From: Keith Henson (hkhenson@rogers.com)
Date: Tue 11 Apr 2006 - 05:48:02 GMT
At 04:51 AM 4/11/2006 +0200, you wrote:
>A ball of snow rolling down hill and picking up more and more snow is not
>different from a typical avalanche.
Actually, I think it is. It takes rather special conditions where the snow
is close to the melting point to result in this kind of "pick up more snow
as it rolls" behavior. I can think of only a few times I have seen it.
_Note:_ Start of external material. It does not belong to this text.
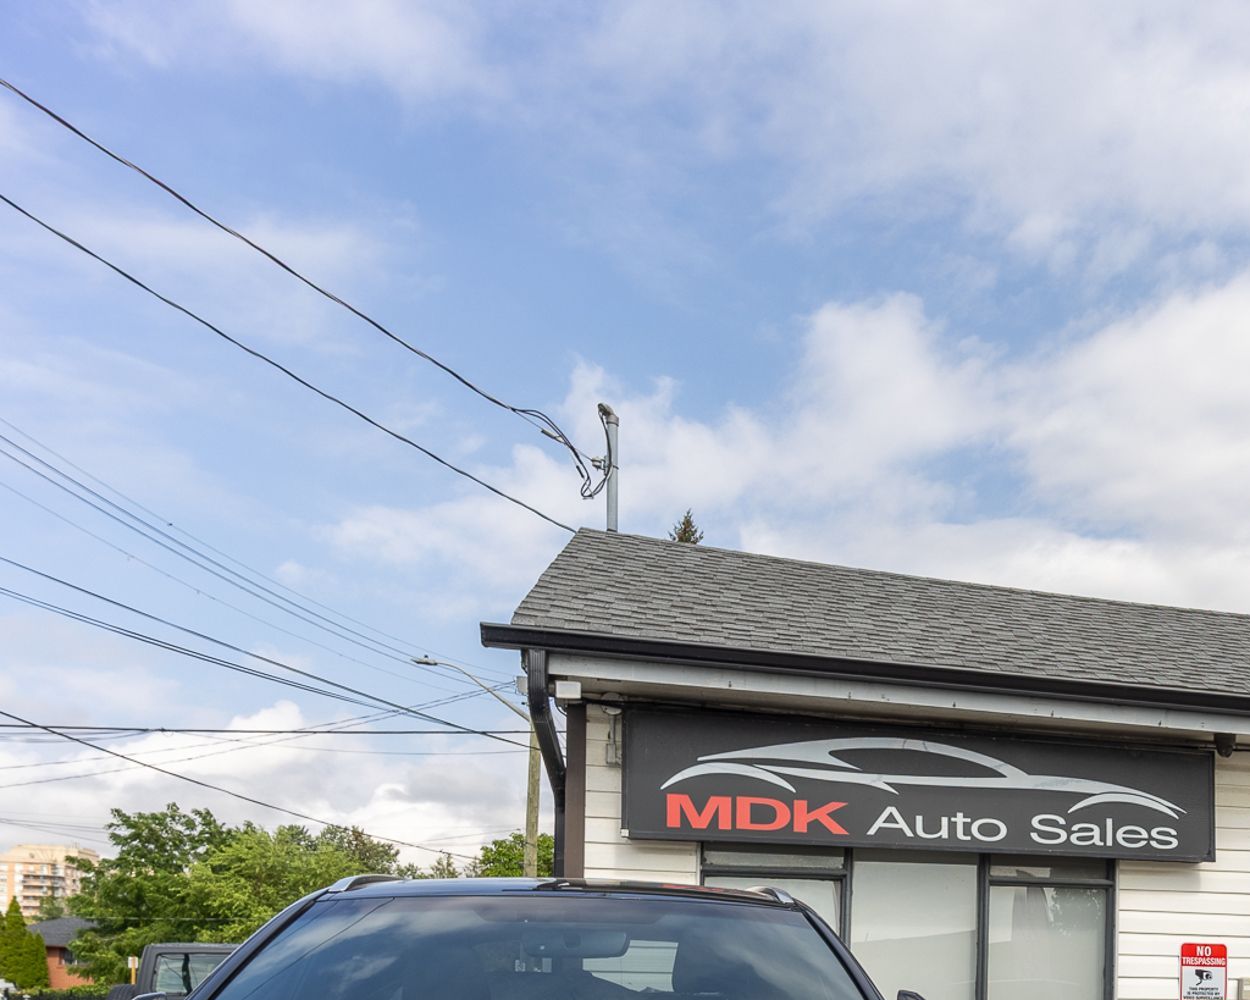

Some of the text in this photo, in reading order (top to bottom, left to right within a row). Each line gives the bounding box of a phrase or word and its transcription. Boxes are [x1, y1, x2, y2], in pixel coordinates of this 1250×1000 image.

[666, 793, 1179, 850] MDK Auto Sales
[1196, 946, 1212, 956] NO
[1182, 957, 1226, 965] TRESPASSING
>The ball of snow propagates unbalance towards the direction of its motion,
>it rolls down fast and causes packing down, and sintering obliges the ball
>of snow to grow up. Actually, it’s not the size of the ball of snow that
>grows up it’s the load of inertial factors; what really grows up is the
>quantity of snow that has lost balance.
>
>Water molecules or human beings, all types of avalanche are about the
>propagation of unbalance, the question is then: where do you set up a
>virus in this type of fast growth? It's possible to explain some social
>issues with the help of the ball of snow effect, still, the explanation
>“ball of snow effect = epidemics” is really intriguing. Could you
>clear the point?
Not really. It is a colloquial saying that doesn't really point to a math
model like "epidemic" does.
A related saying is "a feeding frenzy" relating to a bunch of hungry sharks
tearing something apart because they are all trying to get a bite.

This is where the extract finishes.